Le mot "mourabit" contient la notion de lien. Et par extension celle d’attachement, de fixation. Or, les Marocains n’utilisent jamais ce mot pour désigner ce lieu de dévotion et de pèlerinage. Ce sont les étrangers qui ont détourné et imposé ce mot. Car, en principe, il n’y a pas d’intermédiaires entre Dieu et le musulman. Selon le dogme rigoureux des wahabites. Mais au Maroc c’est différent. La religion y est vécue de manière calme et ouverte. Car depuis toujours le Maroc a vu prospérer les confréries. Ces associations qui osent ouvrir un dialogue sur l’interprétation de l’islam. Sans jamais remettre en cause le titre de Commandeur des Croyants.

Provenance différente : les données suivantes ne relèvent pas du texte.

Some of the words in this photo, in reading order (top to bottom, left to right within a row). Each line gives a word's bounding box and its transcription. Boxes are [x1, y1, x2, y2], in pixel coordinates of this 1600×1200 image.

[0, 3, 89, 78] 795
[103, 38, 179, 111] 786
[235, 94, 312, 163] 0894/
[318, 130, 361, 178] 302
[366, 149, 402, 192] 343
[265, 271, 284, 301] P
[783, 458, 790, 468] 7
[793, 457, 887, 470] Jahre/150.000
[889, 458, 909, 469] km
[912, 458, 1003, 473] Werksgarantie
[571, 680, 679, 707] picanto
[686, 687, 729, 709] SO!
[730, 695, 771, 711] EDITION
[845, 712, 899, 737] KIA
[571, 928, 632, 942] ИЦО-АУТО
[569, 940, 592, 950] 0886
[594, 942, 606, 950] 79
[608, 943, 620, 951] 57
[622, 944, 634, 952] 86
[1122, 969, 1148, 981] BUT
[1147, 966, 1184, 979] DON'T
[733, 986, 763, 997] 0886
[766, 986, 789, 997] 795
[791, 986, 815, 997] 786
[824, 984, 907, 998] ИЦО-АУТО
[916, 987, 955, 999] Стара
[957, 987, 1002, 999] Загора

Et chaque confrérie a son saint. Et ainsi ont été construits - en toute liberté - des tombeaux en souvenir de certaines personnalités.

Mais ces visites aux saints ne sont pas strictement orthodoxes. Elles frisent la pratique païenne. En effet, charger un tiers d’intercéder auprès de la volonté divine n’est pas autorisé. Mais les Marocains ont su trouver un juste milieu. On est ici en plein irrationnel : certains pensent qu’un pèlerinage suffira à régler ces problèmes ; d’autres font de l’ombre au divin avec une pièce de tissu ou apportent des offrandes...
En réalité, les saints jouent un rôle apaisant. Une sorte de psy virtuel. On vient voir celui qui a poussé l’étude au point d’atteindre une extase. Ce qui le rapprocherait des secrets du monde. La mystique est un voyage vers une forme de dépouillement. Ne l’oublions pas. Et cette transe intellectuelle a donné d’immenses poètes : Al Hallaj ou Ibn Arabi.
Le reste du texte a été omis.